Go through the records below and set each one down exactly, leaving out any pictures.
»»
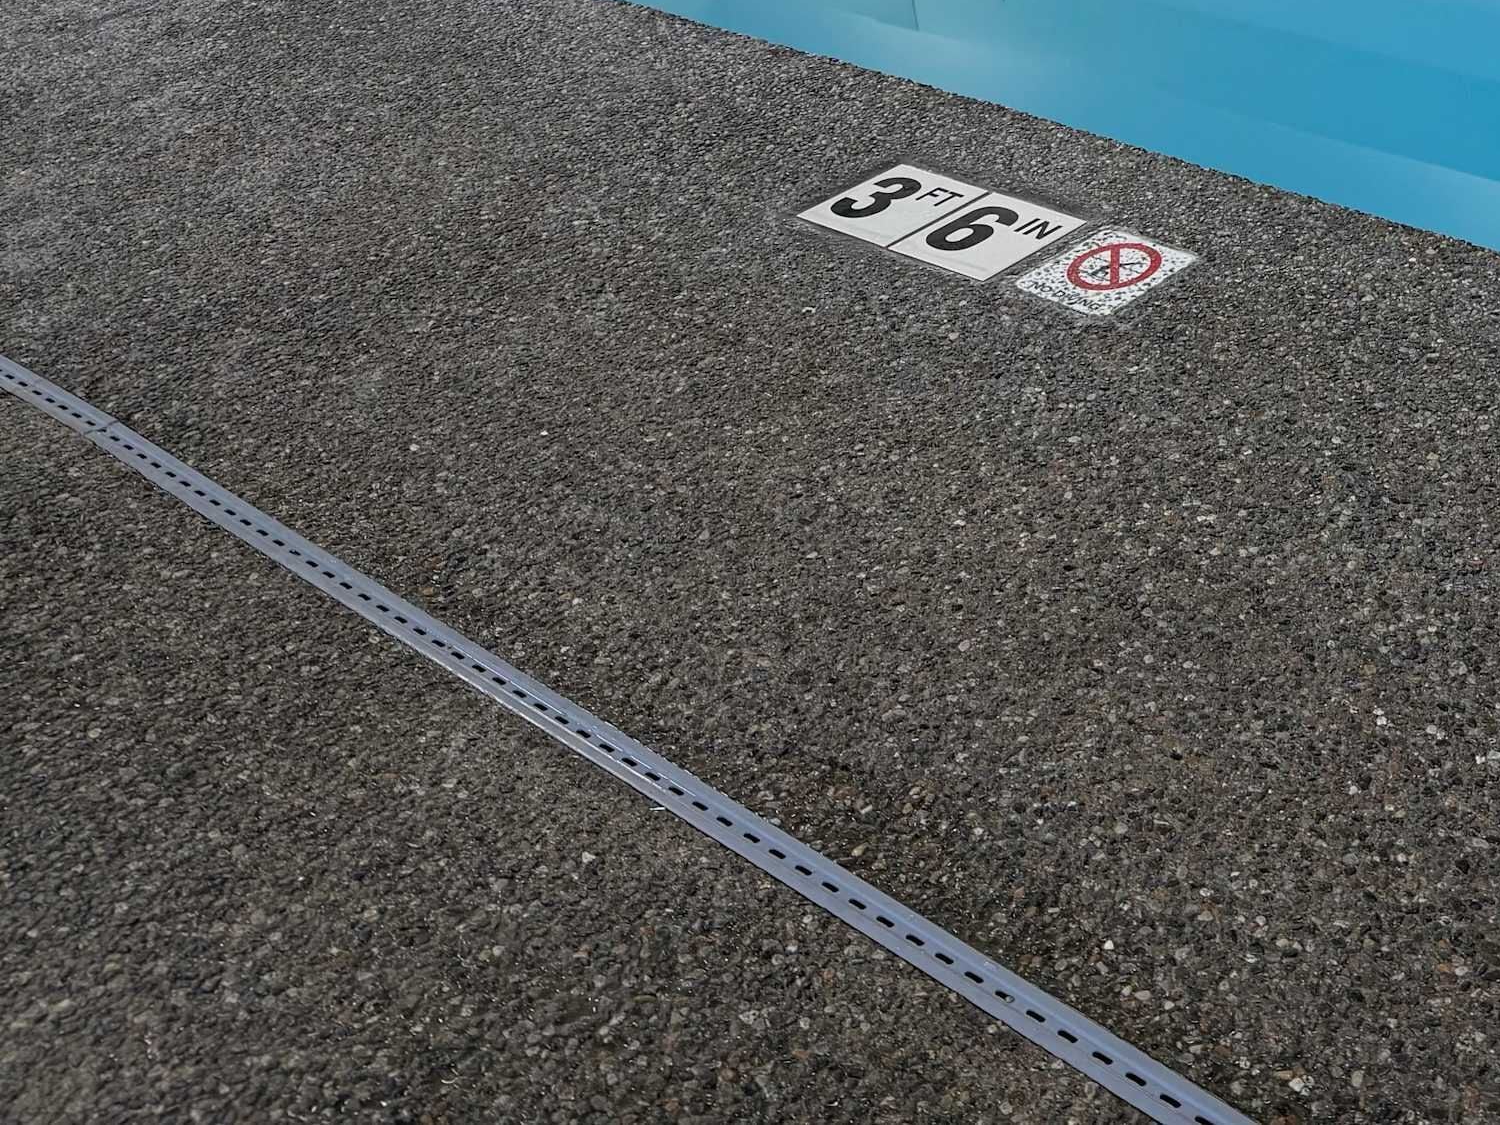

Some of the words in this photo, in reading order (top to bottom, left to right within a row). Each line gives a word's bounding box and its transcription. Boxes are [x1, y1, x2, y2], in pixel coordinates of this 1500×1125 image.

[830, 177, 922, 219] 3
[915, 186, 965, 207] FT
[925, 206, 1019, 252] 6
[1013, 217, 1063, 241] IN
[1026, 280, 1054, 293] NO
[1052, 289, 1103, 311] DIVING
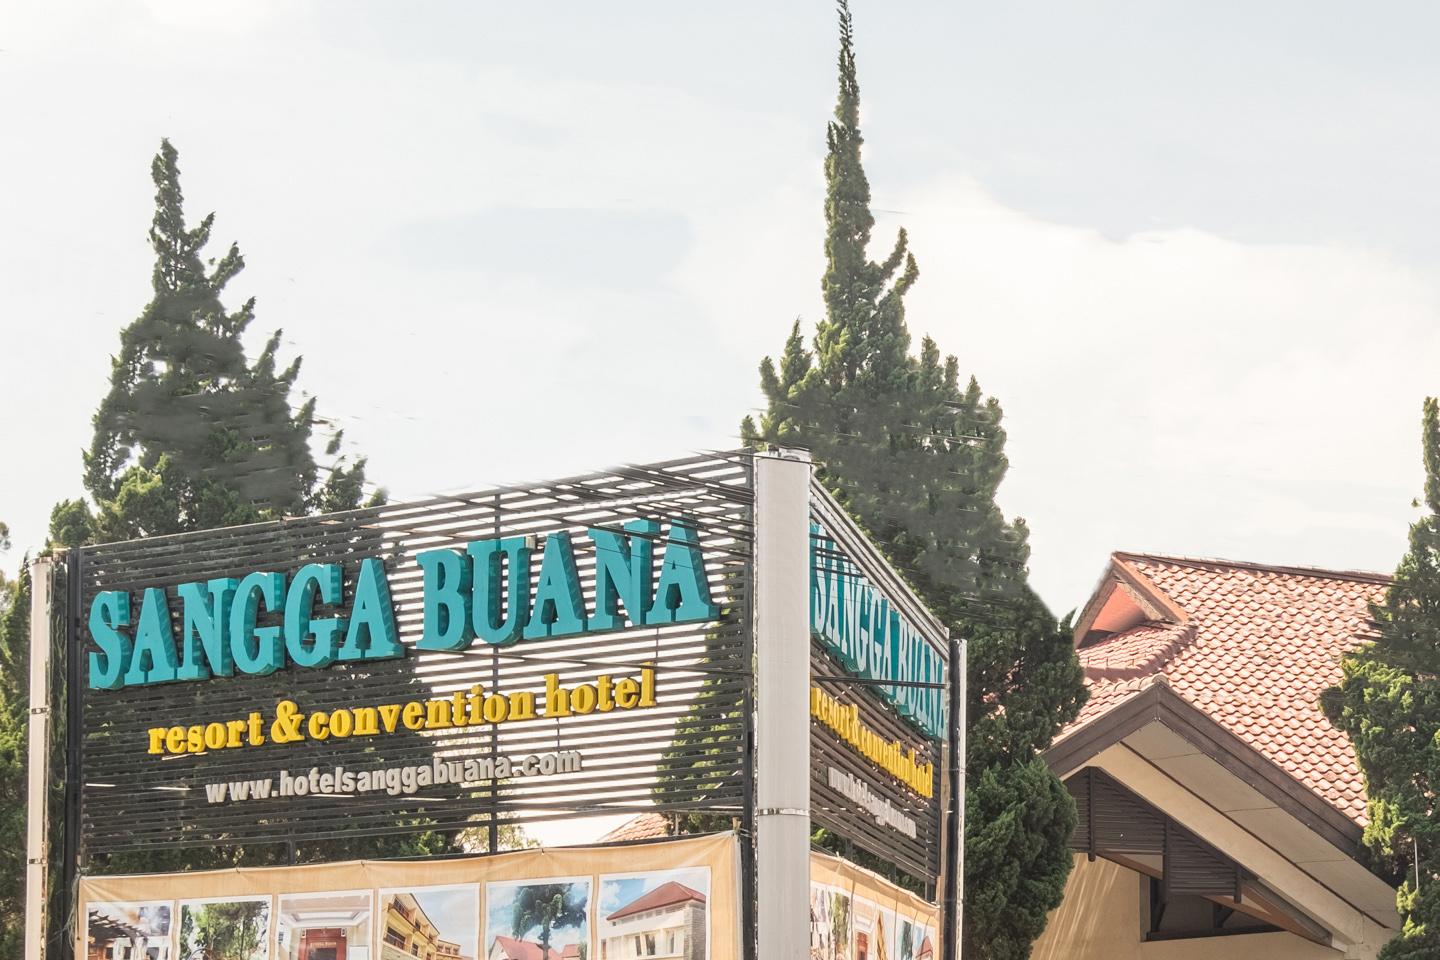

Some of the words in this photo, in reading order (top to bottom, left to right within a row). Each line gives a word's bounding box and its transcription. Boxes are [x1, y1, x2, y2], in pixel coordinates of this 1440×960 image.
««
- _Answer_:
Some of the words in this photo, in reading order (top to bottom, left to right within a row). Each line gives a word's bounding box and its transcription. Boxes are [x1, y1, x2, y2], in pixel coordinates of this 1500×1125 image.

[830, 177, 922, 219] 3
[915, 186, 965, 207] FT
[925, 206, 1019, 252] 6
[1013, 217, 1063, 241] IN
[1026, 280, 1054, 293] NO
[1052, 289, 1103, 311] DIVING

Some of the words in this photo, in reading order (top to bottom, left to right within a row). Each line gives a word's bounding box and its transcription. Boxes are [x1, y1, x2, y2], in pixel coordinates of this 1440×960 image.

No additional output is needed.